Work instructions:
For this exercise, reproduce each entry below exactly, excluding pictures.

Data to process:
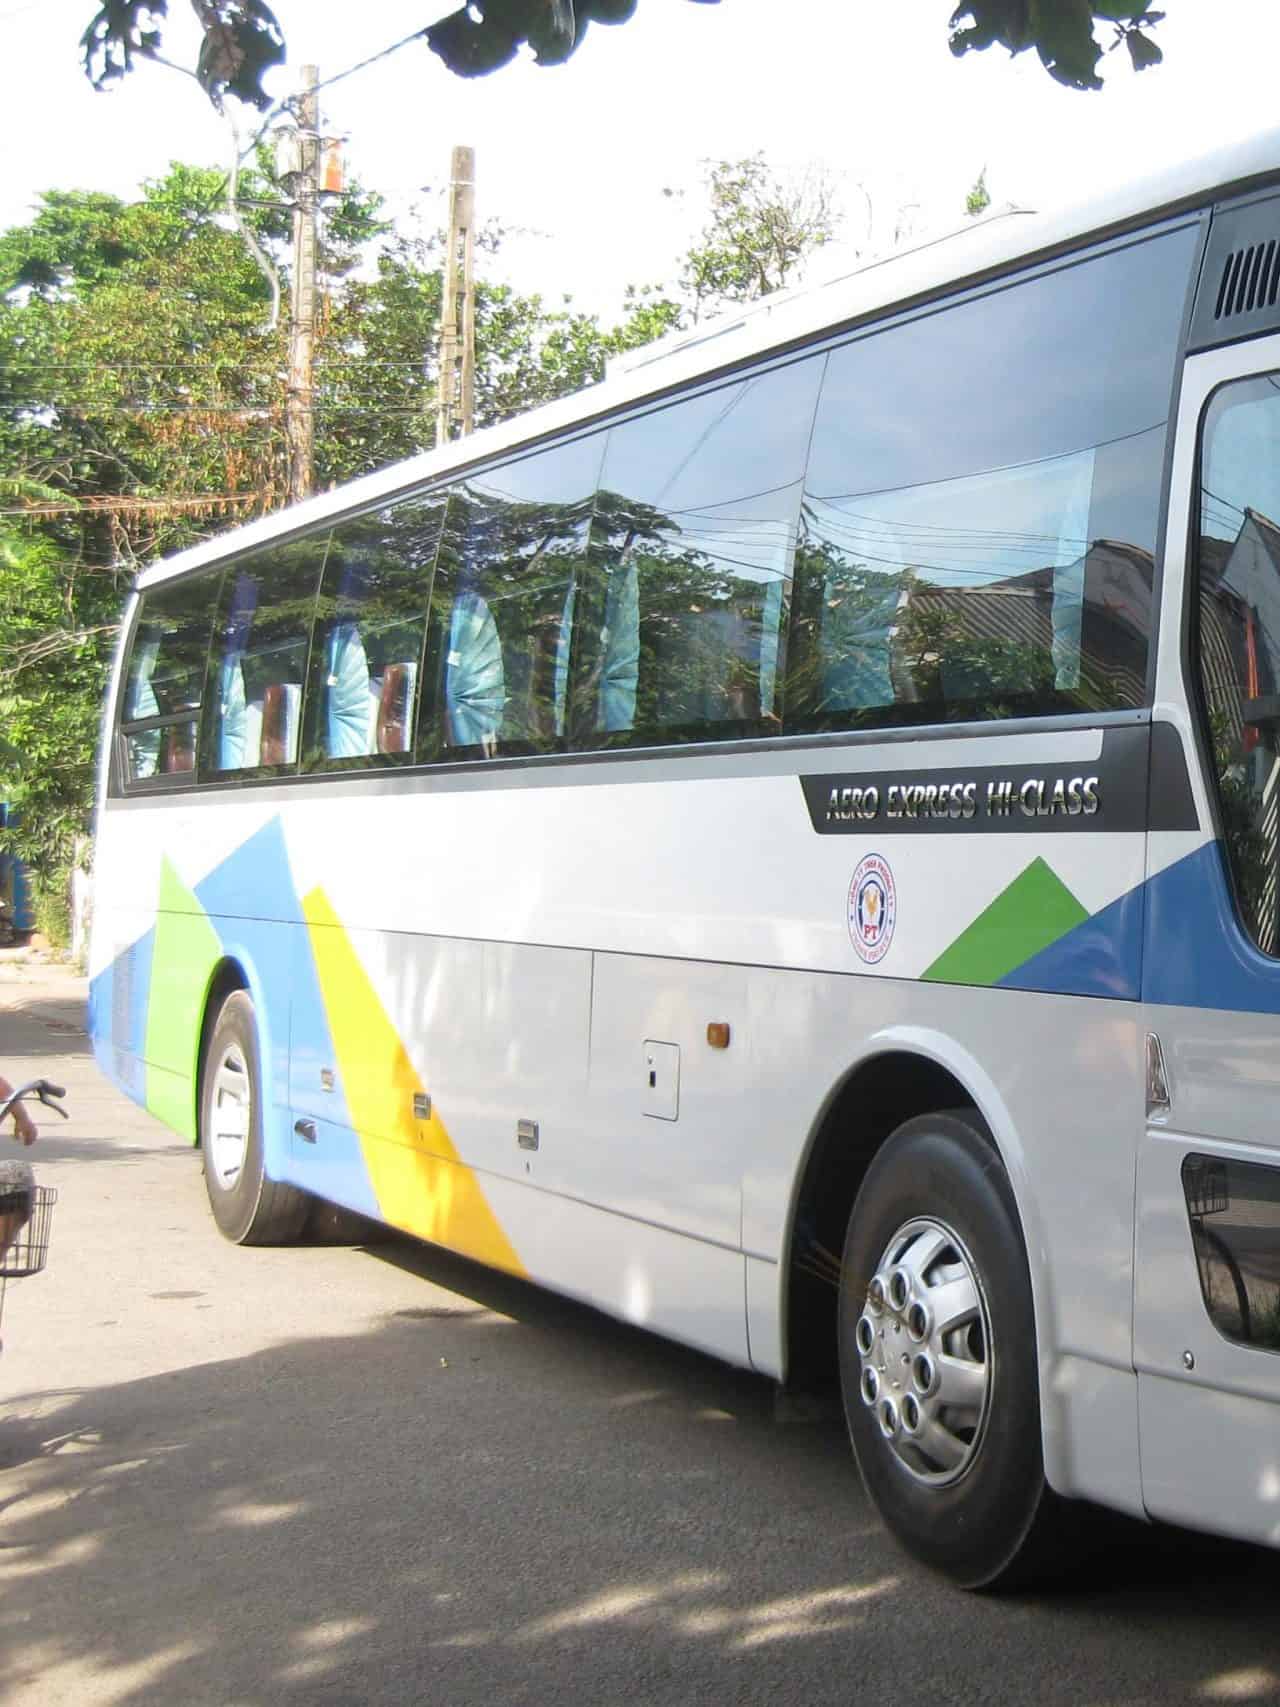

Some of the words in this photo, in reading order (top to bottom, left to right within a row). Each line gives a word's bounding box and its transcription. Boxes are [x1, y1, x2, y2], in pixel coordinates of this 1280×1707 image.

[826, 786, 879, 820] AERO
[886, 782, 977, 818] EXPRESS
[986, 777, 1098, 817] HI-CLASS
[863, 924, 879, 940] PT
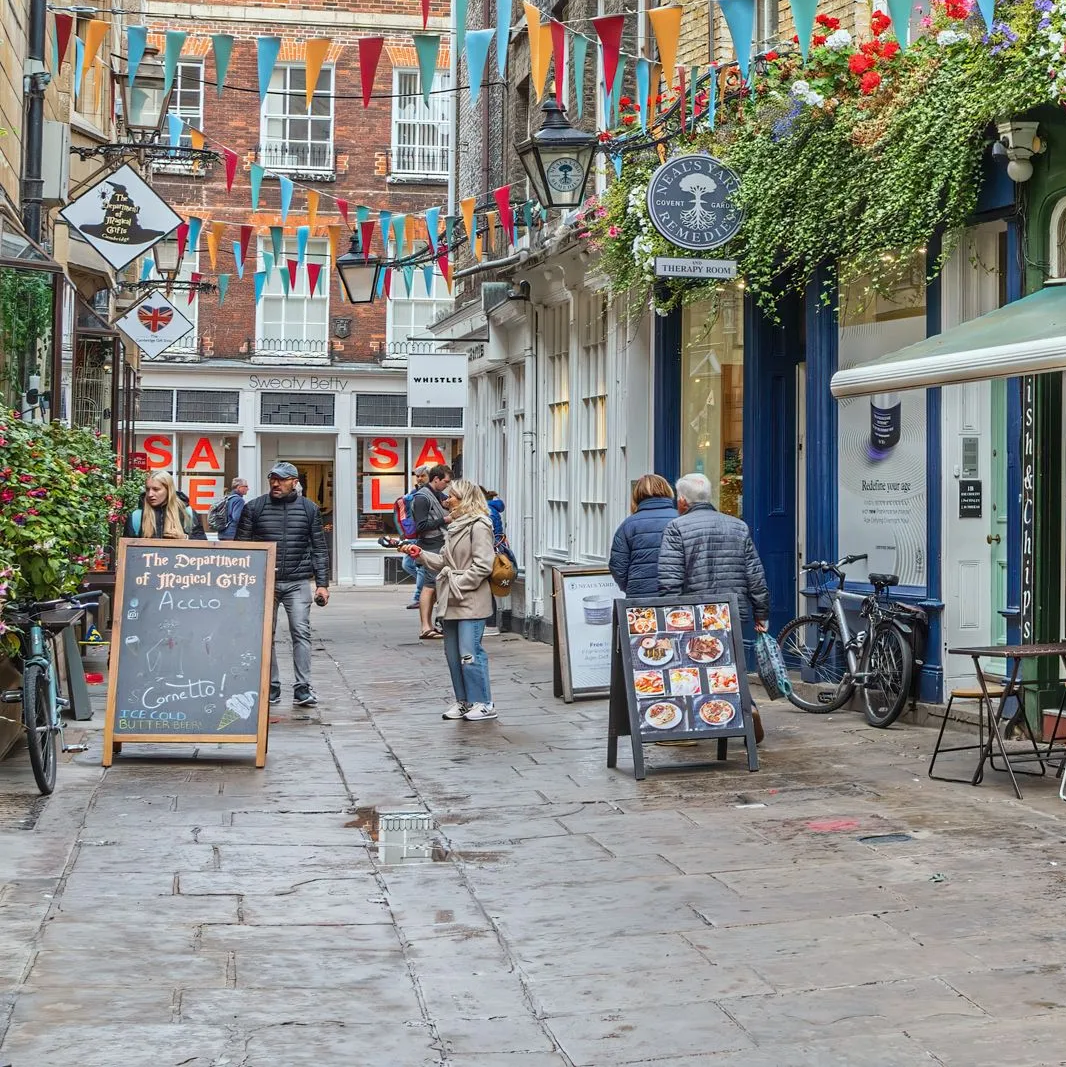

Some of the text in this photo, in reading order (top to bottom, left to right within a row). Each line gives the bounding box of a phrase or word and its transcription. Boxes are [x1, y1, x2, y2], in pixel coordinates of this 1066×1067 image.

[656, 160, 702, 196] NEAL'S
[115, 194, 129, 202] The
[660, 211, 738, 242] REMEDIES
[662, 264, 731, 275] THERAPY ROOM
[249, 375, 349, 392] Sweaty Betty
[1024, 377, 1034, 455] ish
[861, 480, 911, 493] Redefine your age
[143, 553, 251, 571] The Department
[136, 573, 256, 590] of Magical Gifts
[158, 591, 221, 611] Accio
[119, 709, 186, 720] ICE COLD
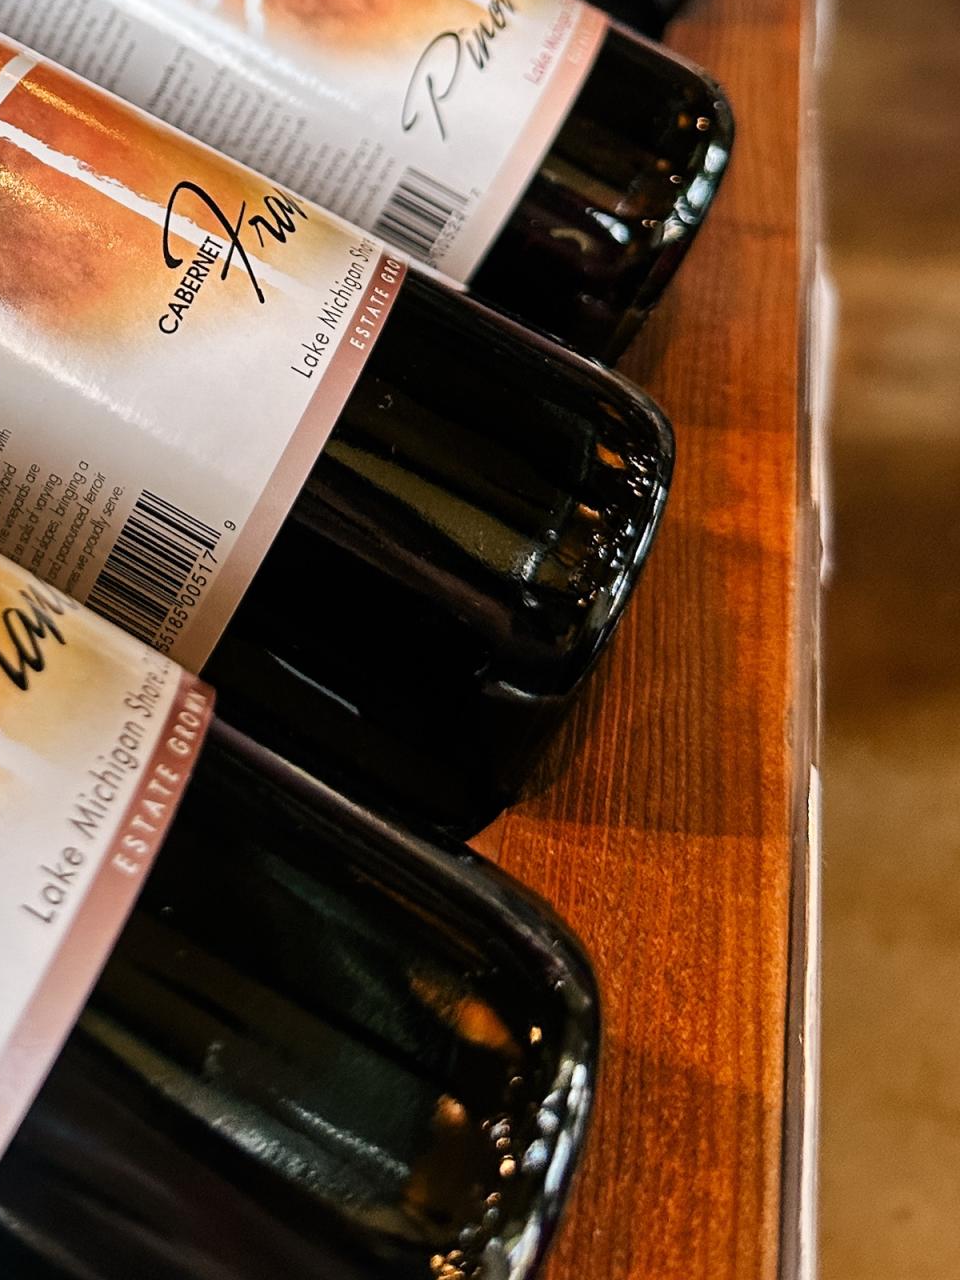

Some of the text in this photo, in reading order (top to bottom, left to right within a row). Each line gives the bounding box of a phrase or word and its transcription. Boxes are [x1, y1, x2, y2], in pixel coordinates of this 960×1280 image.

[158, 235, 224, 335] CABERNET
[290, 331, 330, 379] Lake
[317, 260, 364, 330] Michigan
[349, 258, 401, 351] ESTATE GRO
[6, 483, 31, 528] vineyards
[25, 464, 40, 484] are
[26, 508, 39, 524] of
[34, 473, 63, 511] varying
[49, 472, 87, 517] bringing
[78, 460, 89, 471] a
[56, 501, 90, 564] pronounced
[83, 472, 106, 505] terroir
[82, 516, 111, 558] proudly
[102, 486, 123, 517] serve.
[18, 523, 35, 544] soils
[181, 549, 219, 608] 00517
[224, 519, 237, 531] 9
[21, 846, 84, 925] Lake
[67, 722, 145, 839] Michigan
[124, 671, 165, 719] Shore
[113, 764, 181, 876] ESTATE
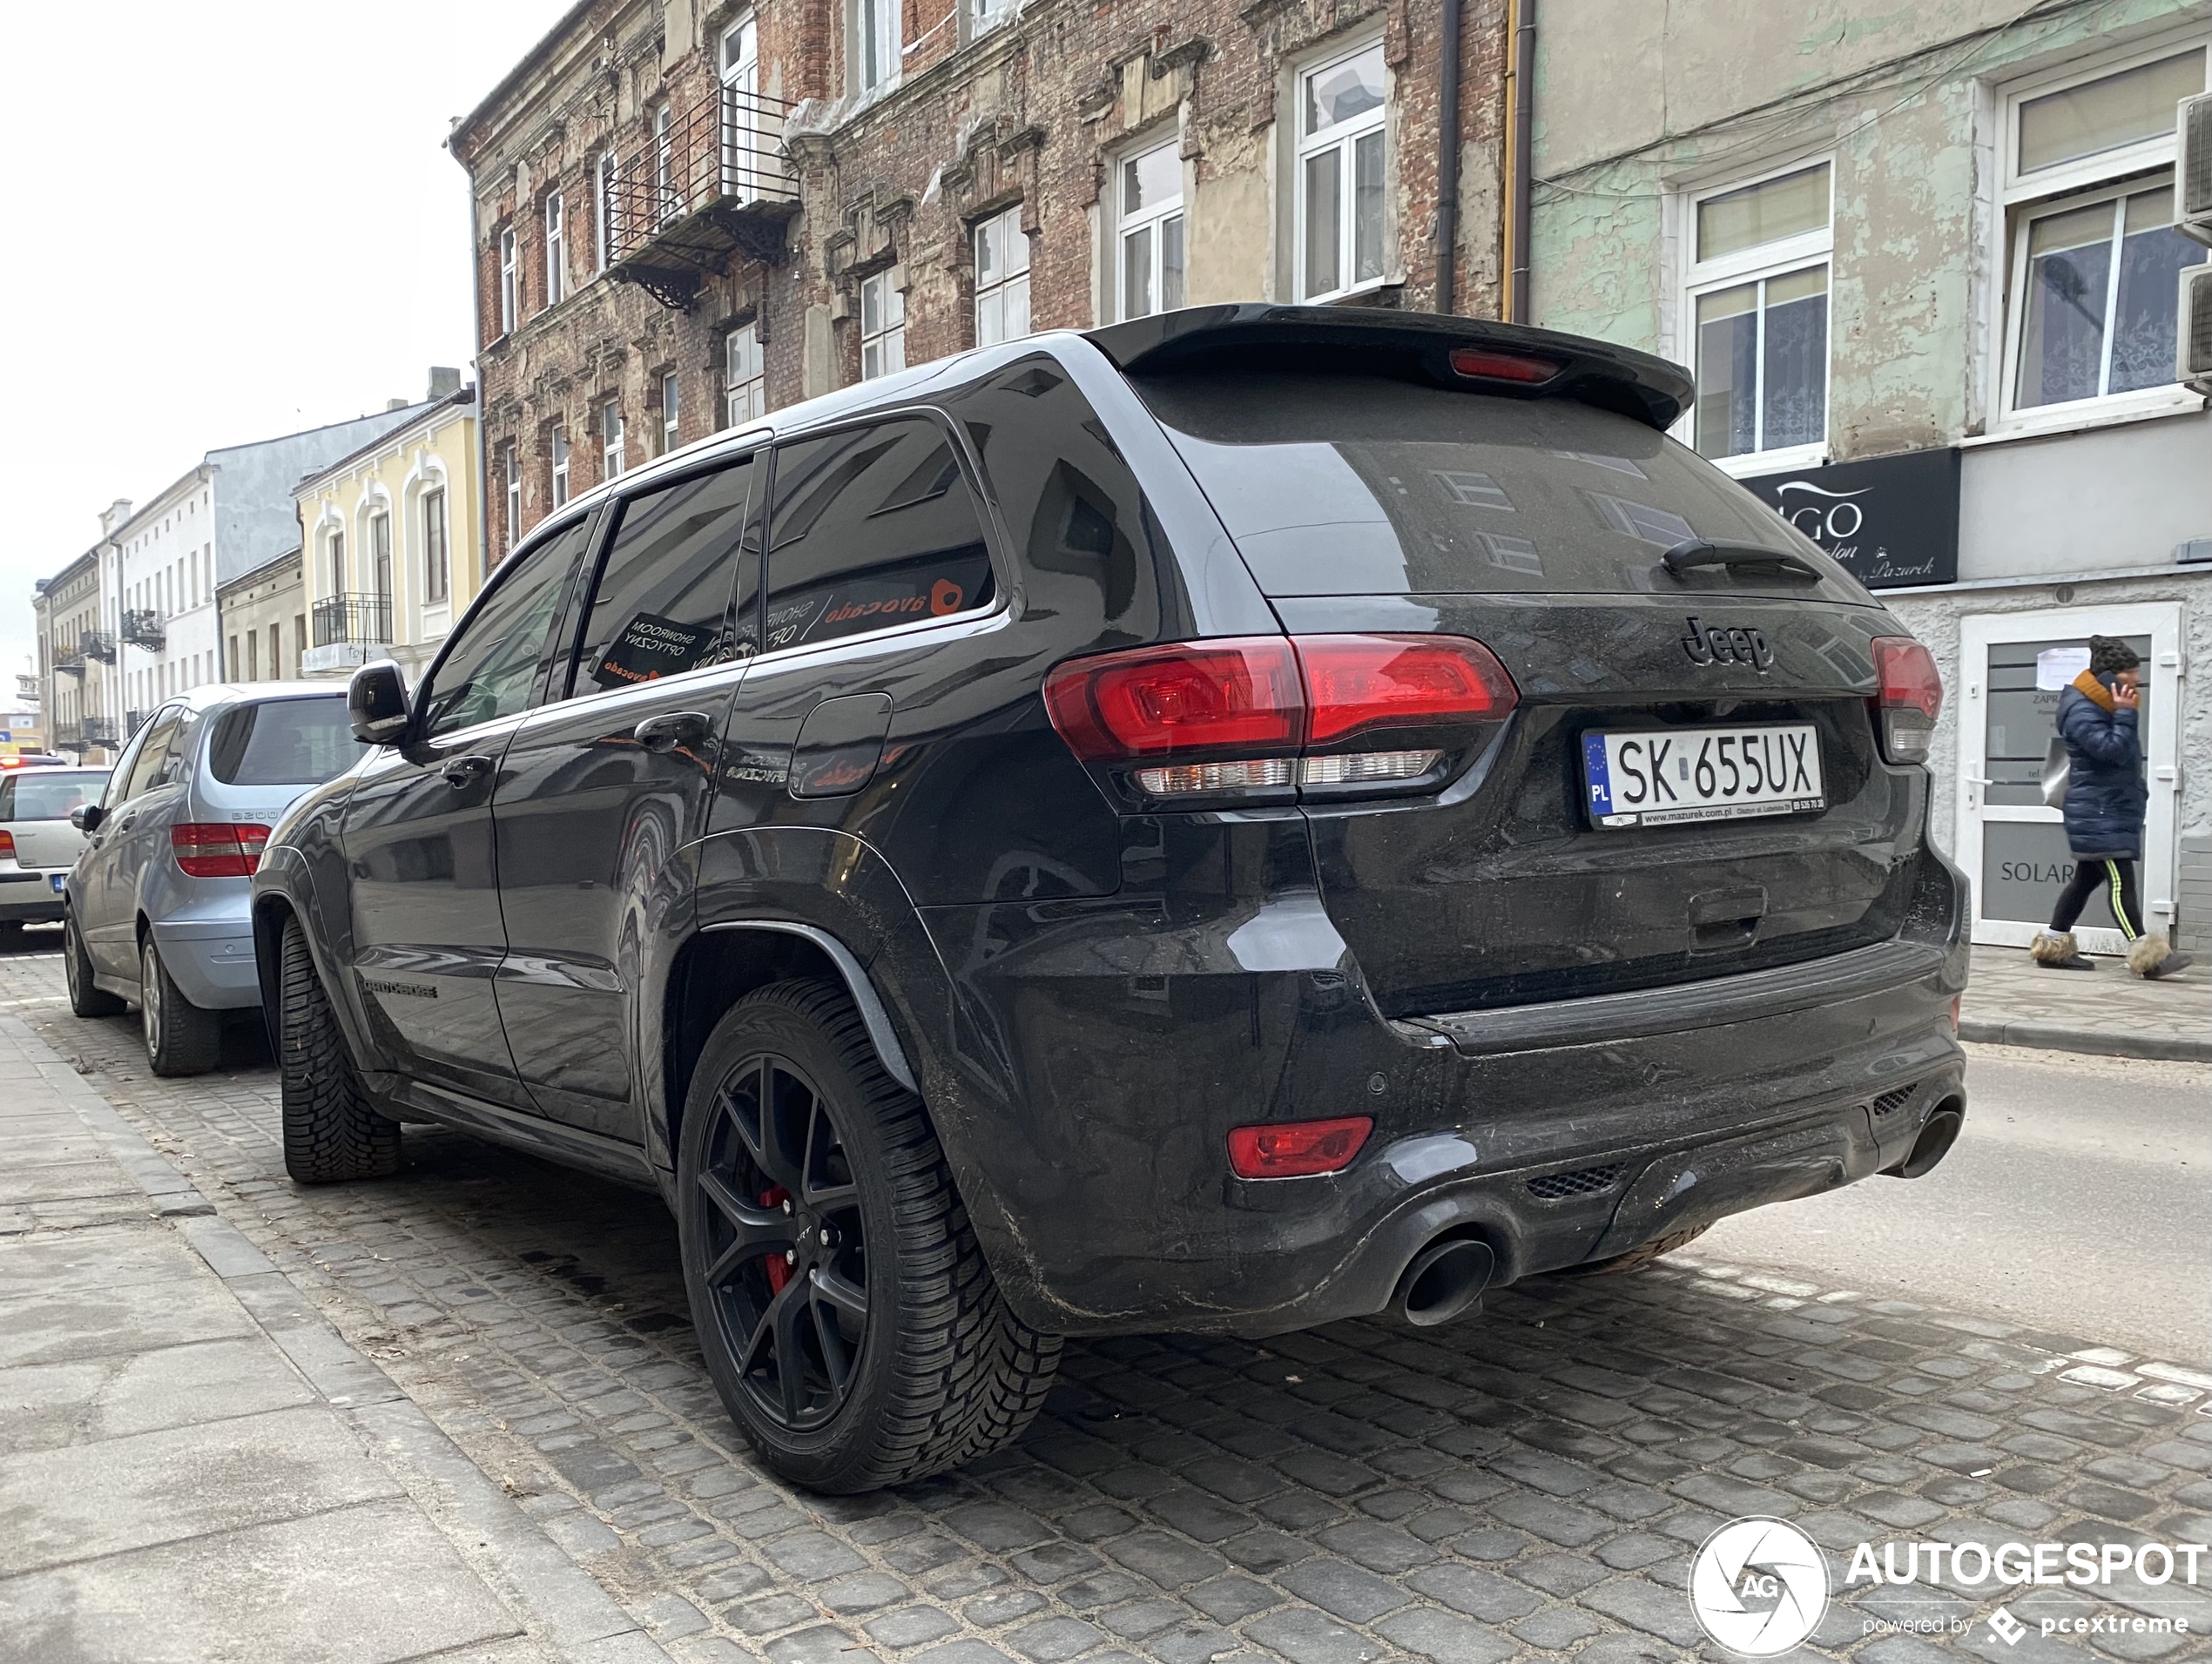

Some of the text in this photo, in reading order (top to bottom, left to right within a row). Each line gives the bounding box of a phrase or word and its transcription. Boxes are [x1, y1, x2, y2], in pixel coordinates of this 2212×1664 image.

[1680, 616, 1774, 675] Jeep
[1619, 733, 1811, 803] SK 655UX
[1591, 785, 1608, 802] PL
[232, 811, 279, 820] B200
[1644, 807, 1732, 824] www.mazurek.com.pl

Output for this task:
Some of the words in this photo, in reading order (top to bottom, left to right within a row). Each line gives a word's bounding box and its transcription. Boxes are [x1, y1, x2, y2], in pixel coordinates of this 1280×1707 image.

[826, 786, 879, 820] AERO
[886, 782, 977, 818] EXPRESS
[986, 777, 1098, 817] HI-CLASS
[863, 924, 879, 940] PT

Some of the text in this photo, in reading order (top to bottom, left to right within a row). Each line gives the bounding box of a phrase or word and its transcription. Boxes are [x1, y1, x2, y2], in pixel coordinates of this 1066×1067 image.

[656, 160, 702, 196] NEAL'S
[115, 194, 129, 202] The
[660, 211, 738, 242] REMEDIES
[662, 264, 731, 275] THERAPY ROOM
[249, 375, 349, 392] Sweaty Betty
[1024, 377, 1034, 455] ish
[861, 480, 911, 493] Redefine your age
[143, 553, 251, 571] The Department
[136, 573, 256, 590] of Magical Gifts
[158, 591, 221, 611] Accio
[119, 709, 186, 720] ICE COLD

Some of the text in this photo, in reading order (top to bottom, left to right within a row). Each line gives the bounding box of a phrase or word and its transcription. Boxes are [x1, y1, x2, y2], in pixel coordinates of this 960×1280 image.

[158, 235, 224, 335] CABERNET
[290, 331, 330, 379] Lake
[317, 260, 364, 330] Michigan
[349, 258, 401, 351] ESTATE GRO
[6, 483, 31, 528] vineyards
[25, 464, 40, 484] are
[26, 508, 39, 524] of
[34, 473, 63, 511] varying
[49, 472, 87, 517] bringing
[78, 460, 89, 471] a
[56, 501, 90, 564] pronounced
[83, 472, 106, 505] terroir
[82, 516, 111, 558] proudly
[102, 486, 123, 517] serve.
[18, 523, 35, 544] soils
[181, 549, 219, 608] 00517
[224, 519, 237, 531] 9
[21, 846, 84, 925] Lake
[67, 722, 145, 839] Michigan
[124, 671, 165, 719] Shore
[113, 764, 181, 876] ESTATE

Some of the text in this photo, in reading order (top to bottom, left to right within a row). Each line gives the bounding box of a phrase or word and its transcription. Boxes are [x1, y1, x2, y2], in pixel coordinates of this 2212×1664 image.

[1680, 616, 1774, 675] Jeep
[1619, 733, 1811, 803] SK 655UX
[1591, 785, 1608, 802] PL
[232, 811, 279, 820] B200
[1644, 807, 1732, 824] www.mazurek.com.pl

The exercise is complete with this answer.